The parties having gone to trial on bill and answer by consent, the latter, according to the rule adopted by this Court for the regulation of proceedings in the Courts of Chancery, must be considered as true in all its parts; and as the answers of both defendants deny all intentional fraud, and insist that those portions of the deed of assignment now objected to were introduced in it for the sole purpose of enabling the trustee, by a judicious sale of the property, to pay all the creditors, the question is one of dry law, upon the construction of the deed.

The property conveyed by the deed consists of dioses in action and other personal property, lands in the city of Mobile, and a large amount of land situated in other counties, which was wild or unimproved, and which the trustee was authorized with all speed, convenient and compatible with the interest of all parties beneficially interested therein, to sell, dispose of *380and convey at such prices and on such terms or conditions as he should deem expedient and with the proceeds and the debts •collected, after paying expenses, &c. to discharge the debts enumerated in schedule B. in the precise order in which they are there enumerated, giving to the trustee a discretion to depart from the order of enumeration, “ if by such departure any compromise or settlement may be effected advantageous to the interest of the party of the first part and his creditors.” The second class of creditors enumerated in schedule C. are to be paid pari passu; and lastly, all other legal demands. The power of the trustee is finally stated thus: “And further, that the said party of the second part may from time to time, and whenever it shall be for the mutual interest of the several parties beneficially interested herein, depart from the order of payment hereinbefore appointed and directed, by settling in full, or in part, by compromise or otherwise,-any of the debts or liabilities specified in the schedule hereto annexed, or for which I am legally liable and chargeable.”

We are of opinion with the Chancellor, that this deed cannot be supported — that there is an intent apparent on its face that it was made with the design to hinder and delay creditors in the collection of their debts.

A deed of assignment, to be valid, must distinctly declare the uses; and one reserving to the grantor the right to declare them subsequently, would be void. The reason of this is apparent. Whilst the debtor retains his property in his hands, subject to the legal pursuit of his creditors, he may compound with them and obtain an abatement of their claims. The parties meet on equal ground, and the creditor may either assent to the debtor’s proposition or take his chance by suit. But if the debtor could, by an assignment, place his property beyond the reach of his creditors, by suit, and be at the same time permitted to compromise with them, or offer terms of compromise, the odds would be fearfully in his favor. The making of an assignment with preferences, is an admission on the part of the debtor, of inability to pay all his debts, or at least renders such payment doubtful; and those'who are placed in the class of those who'are to be paid pari passu, the true meaning of which generally proves to be not to be paid at all, naturally feel alarmed for the safety of their debts, and if the debtor *381through his trustee, who is a person usually not very hostile to his interests, can appeal to their fears and offer them the certainty of receiving a portion of their debt instead of the doubtful provision made for them in the deed for any portion of it, he would be enabled to exercise a control over them which few could resist. Even the preference given to some of the creditors would be an illusion, and they would be merely placed on the preferred list to hold out inducements to those whose chance, of payment, from the position assigned them, being doubtful, if not desperate, to abate something of their demands, and thus make it, in the language oí the deed, “advantageous to the interest of the party of the first part and his creditors, that a compromise or settlement should be effected.” Such a provision, if tolerated, would enable a debtor to set his creditors at defiance, and compel them to bid against each other for his favors, and would be virtually vesting him with powers which no one would suppose he could in terms reserve to himself in the deed of assignment.

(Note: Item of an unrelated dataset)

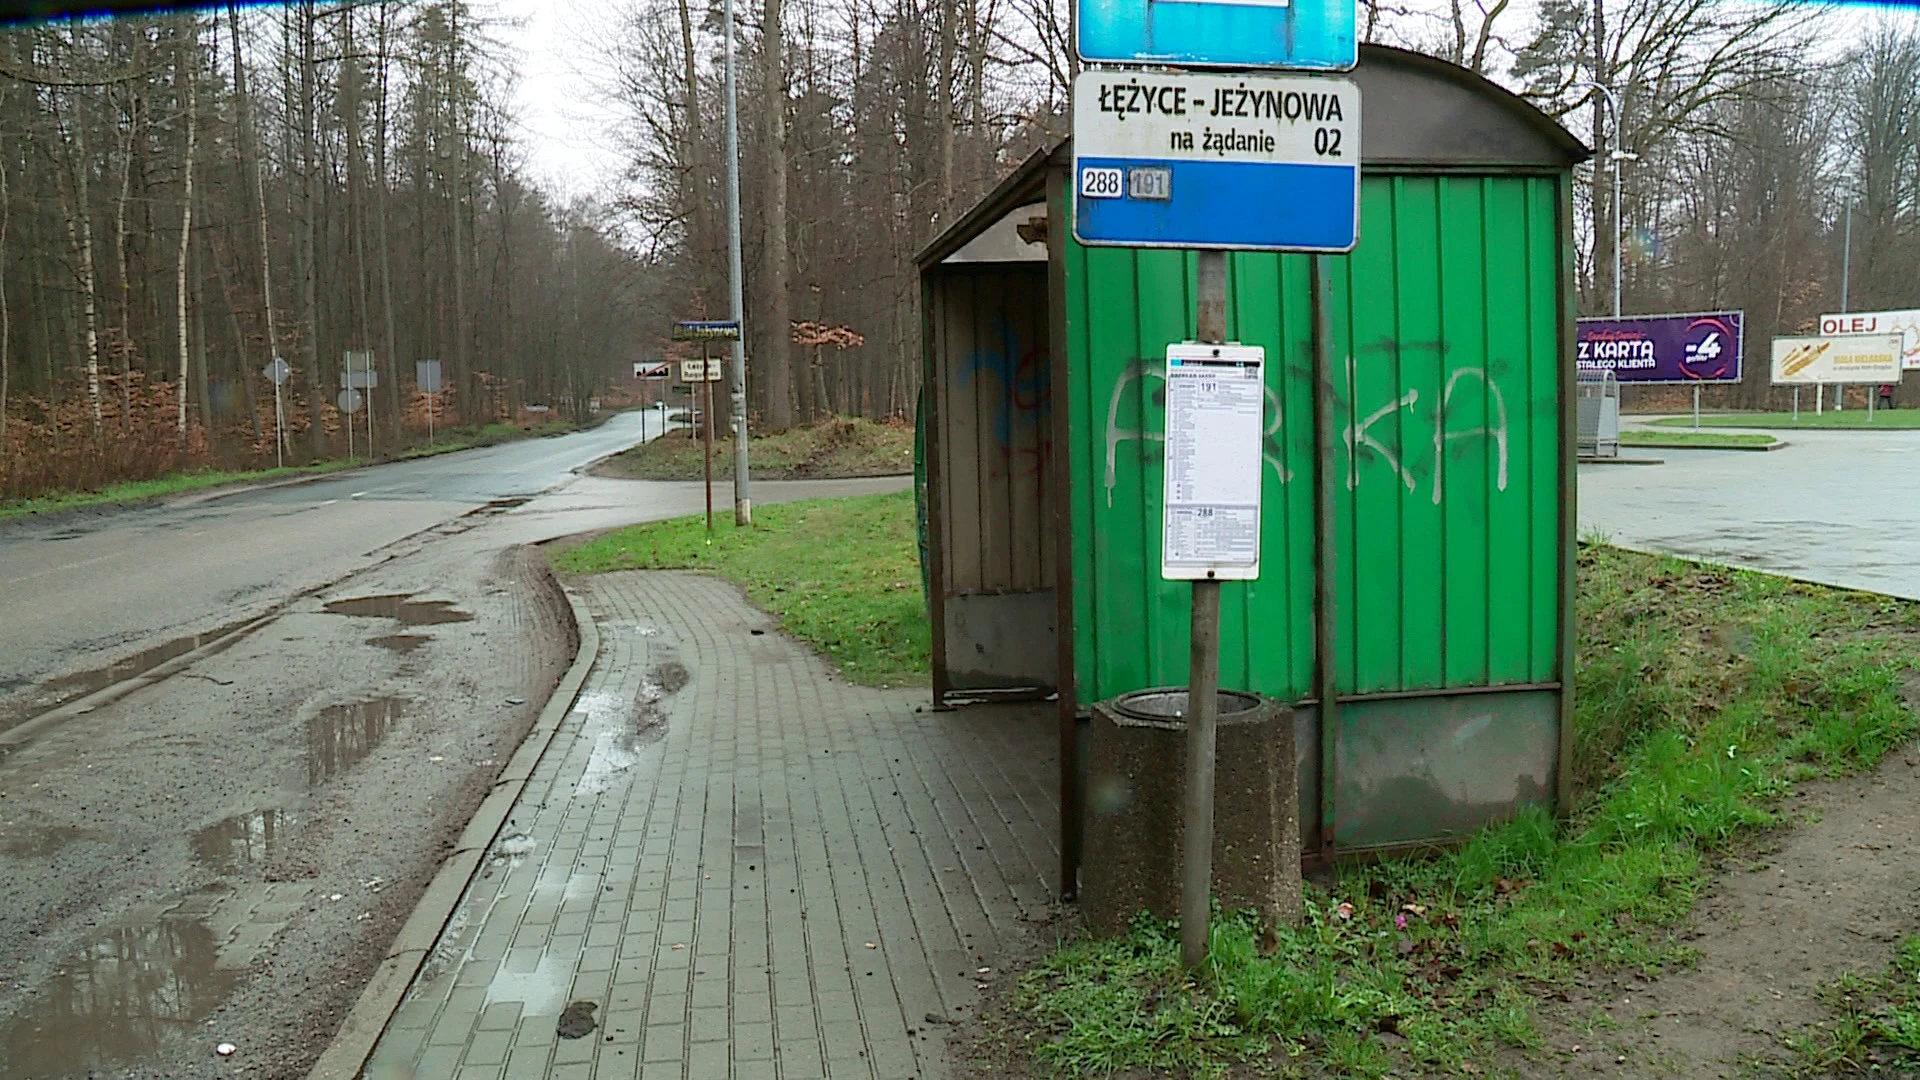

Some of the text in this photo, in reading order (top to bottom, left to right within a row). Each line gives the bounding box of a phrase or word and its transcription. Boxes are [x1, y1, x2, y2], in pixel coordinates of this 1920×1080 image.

In the impressive language of Judge Gaston, in Haffner v. Irwin, [1 Iredell, 490,] “It is enough, perhaps more than enough, for human infirmity, that the debtor shall be allowed, under these distressing circumstances, to select, according to his unbribed judgment, among his creditors for those who merit a preference, and to make a simple and unconditional appropriation of his property to the payment of their claims. But, to allow him to negotiate for terms with them — to seek out those who will be most favorable to him, either in the way of profit or commerce, direct or indirect — to stipulate openly or covertly with regard to the property conveyed, other than its appropriation to the purposes of the conveyance — would be injurious to the best interests of the community.”

In the case of Barnum v. Hampstead, [7th Paige, 568,] which was an assignment by a debtor giving preference to some of his creditors, but giving to the trustee a discretion to discharge certain claims against the assignor in preference to the preferred debts.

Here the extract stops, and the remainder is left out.